• _What the task requires_
Transcribe the records below in their entirety, and leave out each image.

• _Task material_

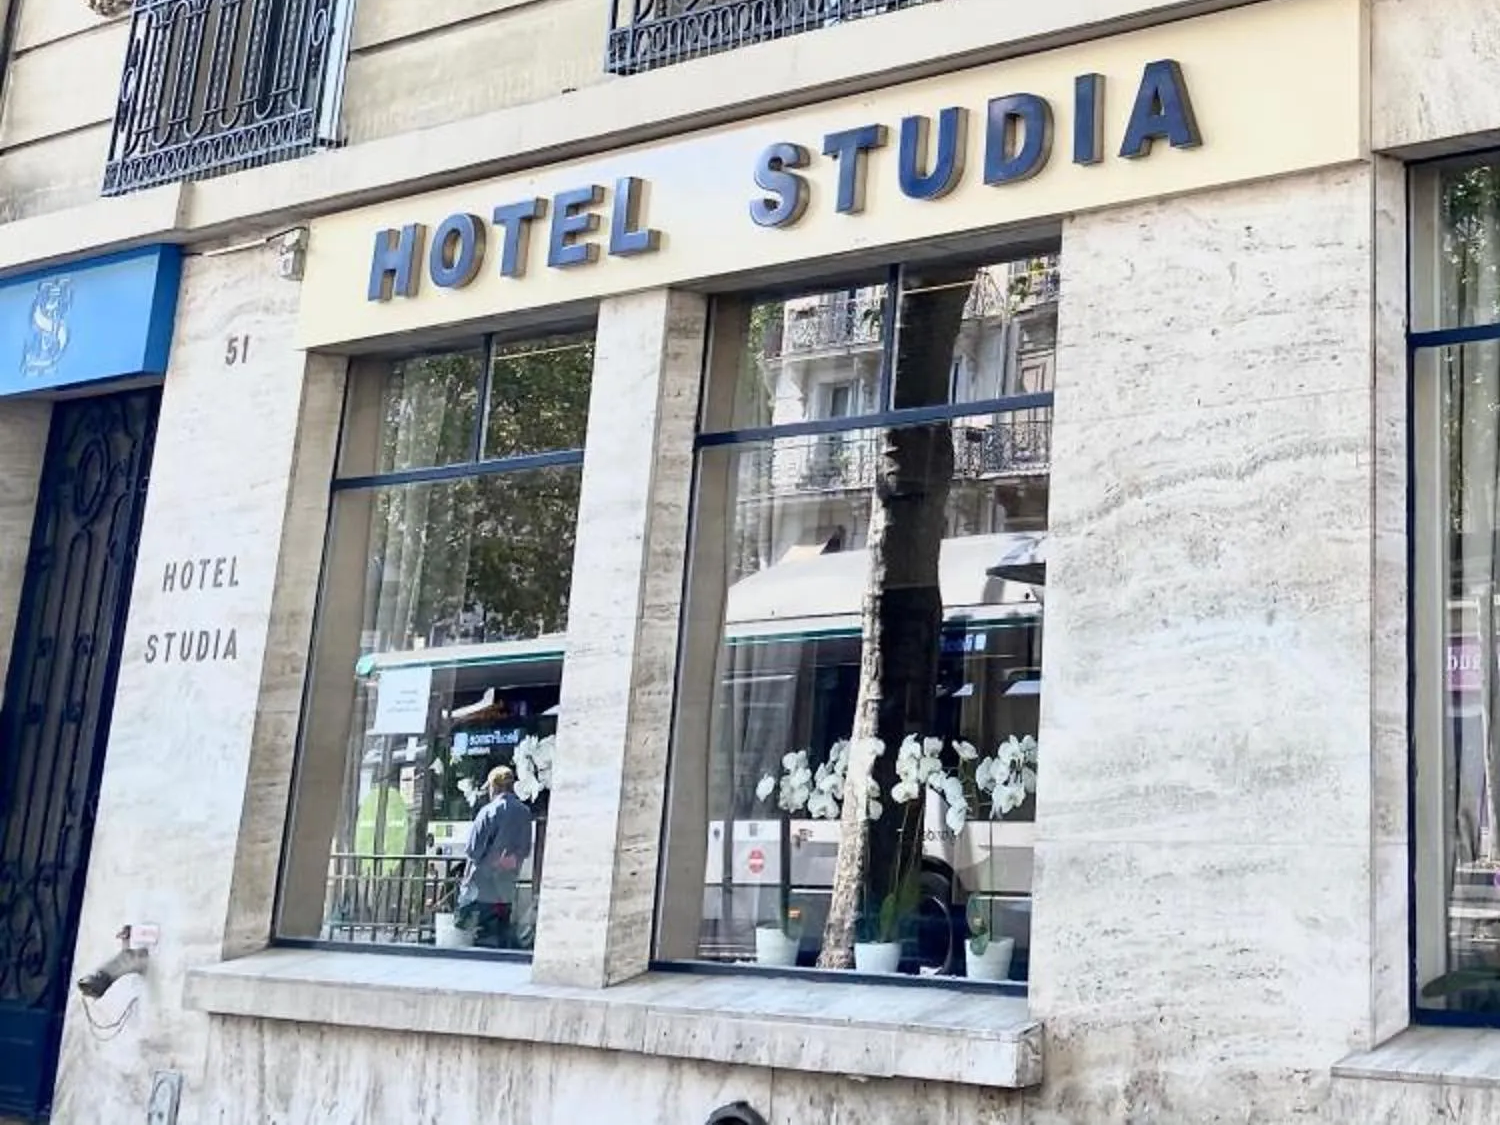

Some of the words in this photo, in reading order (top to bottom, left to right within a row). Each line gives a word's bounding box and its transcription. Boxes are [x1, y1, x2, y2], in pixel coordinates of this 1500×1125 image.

[367, 175, 661, 302] HOTEL
[748, 58, 1203, 229] STUDIA
[224, 335, 249, 365] 51
[162, 556, 240, 592] HOTEL
[144, 629, 238, 664] STUDIA
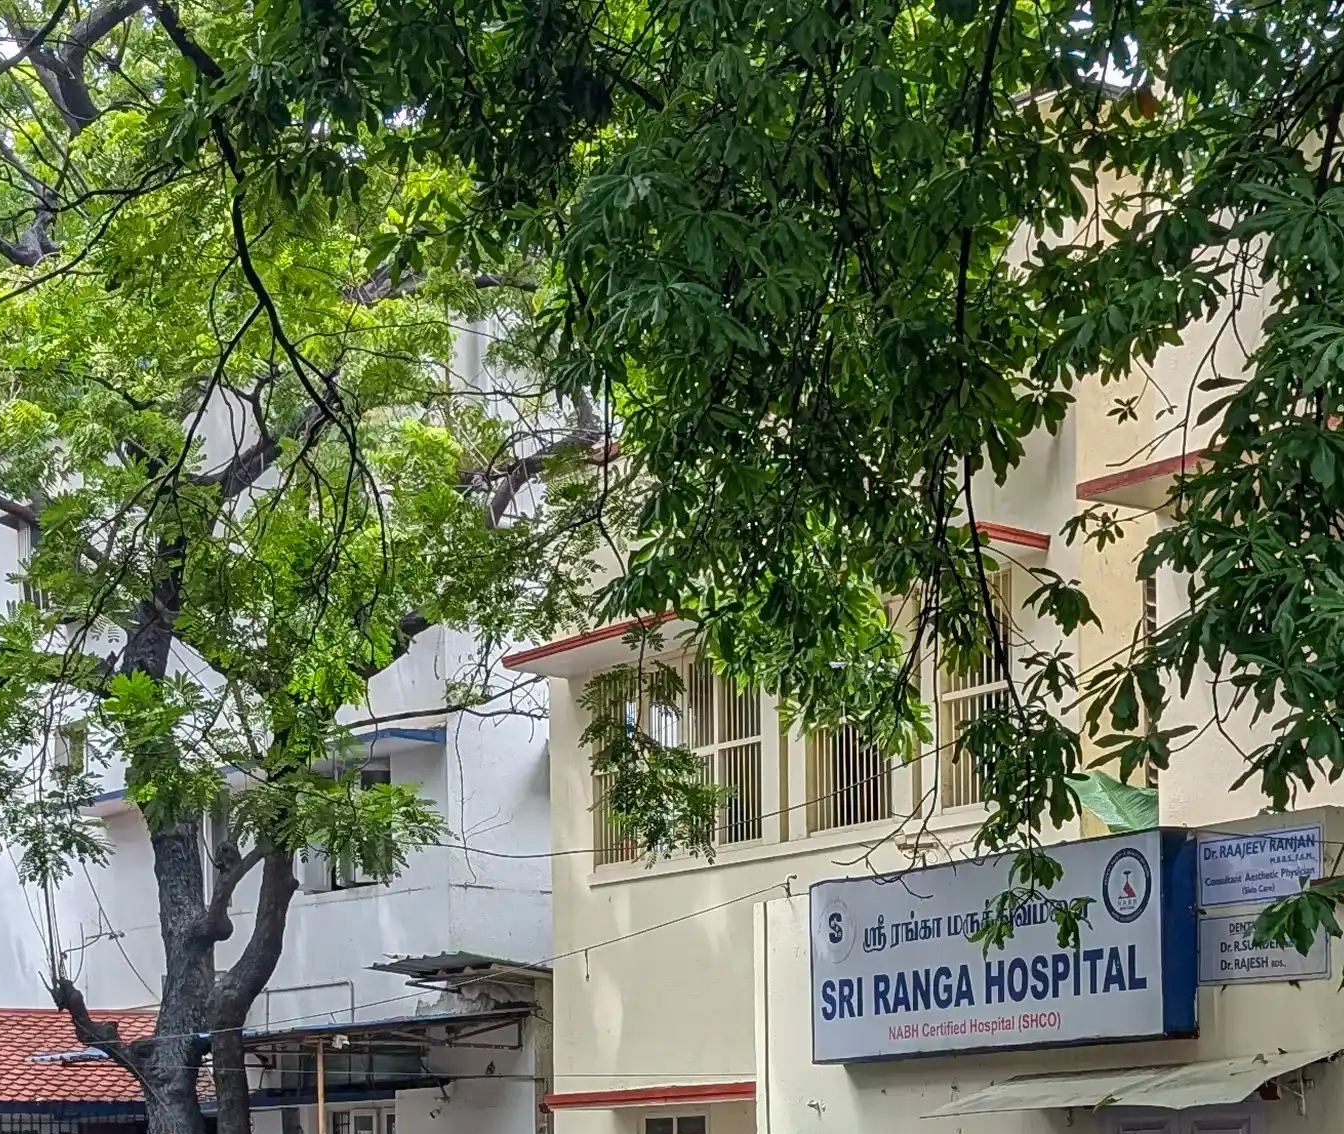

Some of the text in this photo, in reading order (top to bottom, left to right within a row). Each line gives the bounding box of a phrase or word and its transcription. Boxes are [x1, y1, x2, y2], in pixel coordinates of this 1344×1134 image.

[1203, 834, 1316, 861] Dr. RAAJEEV RANJAN
[1204, 865, 1316, 887] Consultant Aesthetic Physician
[890, 910, 943, 948] ரங்கா
[1229, 921, 1254, 934] DENT
[1234, 956, 1269, 972] RAJESH
[821, 944, 1147, 1021] SRI RANGA HOSPITAL
[888, 1012, 1062, 1041] NABH Certified Hospital (SHCO)
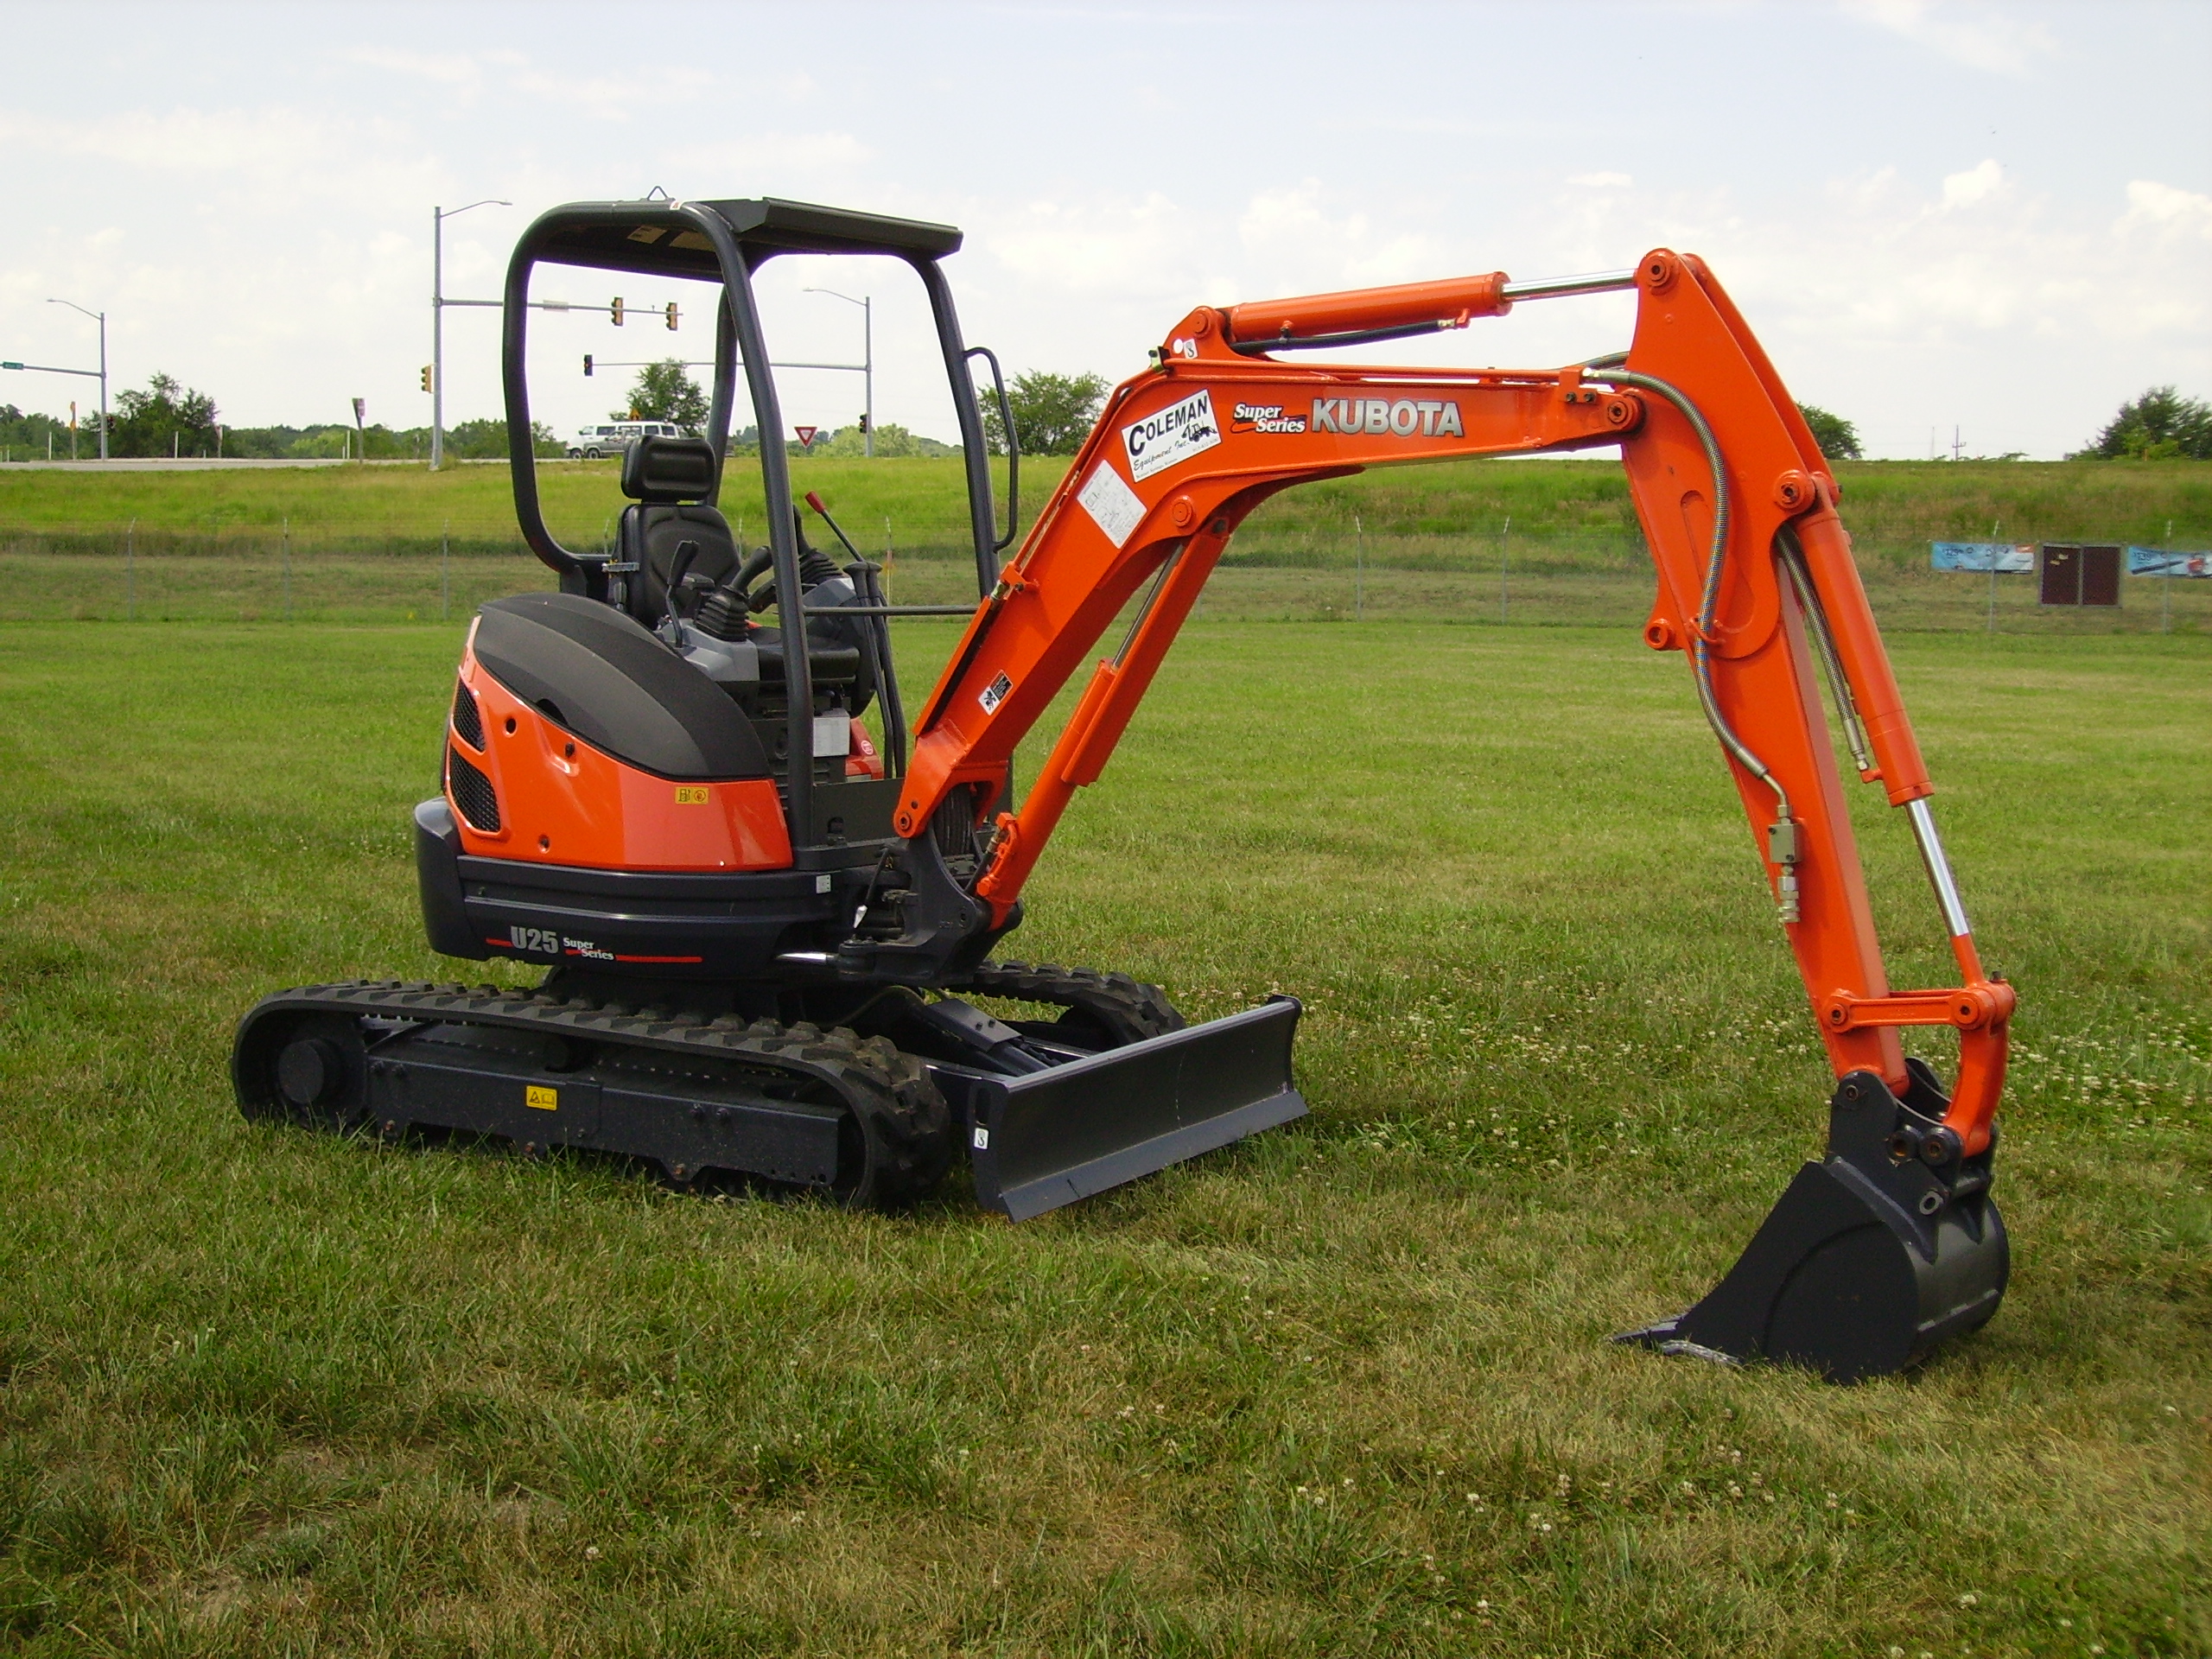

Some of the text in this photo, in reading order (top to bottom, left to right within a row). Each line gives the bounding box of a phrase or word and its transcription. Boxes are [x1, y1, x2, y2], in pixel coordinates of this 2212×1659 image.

[1233, 403, 1283, 423] Super
[1255, 416, 1306, 433] Series
[1311, 398, 1465, 437] KUBOTA
[1128, 395, 1208, 457] COLEMAN
[1134, 446, 1173, 472] Equipment
[510, 925, 560, 954] U25
[563, 937, 594, 950] Super
[581, 949, 615, 961] Series

• _Response to the exercise_
Some of the words in this photo, in reading order (top to bottom, left to right within a row). Each line gives a word's bounding box and its transcription. Boxes are [x1, y1, x2, y2], in pixel coordinates of this 1500×1125 image.

[367, 175, 661, 302] HOTEL
[748, 58, 1203, 229] STUDIA
[224, 335, 249, 365] 51
[162, 556, 240, 592] HOTEL
[144, 629, 238, 664] STUDIA

Some of the text in this photo, in reading order (top to bottom, left to right within a row). Each line gives the bounding box of a phrase or word and its transcription. Boxes are [x1, y1, x2, y2], in pixel coordinates of this 1344×1134 image.

[1203, 834, 1316, 861] Dr. RAAJEEV RANJAN
[1204, 865, 1316, 887] Consultant Aesthetic Physician
[890, 910, 943, 948] ரங்கா
[1229, 921, 1254, 934] DENT
[1234, 956, 1269, 972] RAJESH
[821, 944, 1147, 1021] SRI RANGA HOSPITAL
[888, 1012, 1062, 1041] NABH Certified Hospital (SHCO)

Some of the text in this photo, in reading order (top to bottom, left to right within a row). Each line gives the bounding box of a phrase or word and its transcription. Boxes are [x1, y1, x2, y2], in pixel coordinates of this 2212×1659 image.

[1233, 403, 1283, 423] Super
[1255, 416, 1306, 433] Series
[1311, 398, 1465, 437] KUBOTA
[1128, 395, 1208, 457] COLEMAN
[1134, 446, 1173, 472] Equipment
[510, 925, 560, 954] U25
[563, 937, 594, 950] Super
[581, 949, 615, 961] Series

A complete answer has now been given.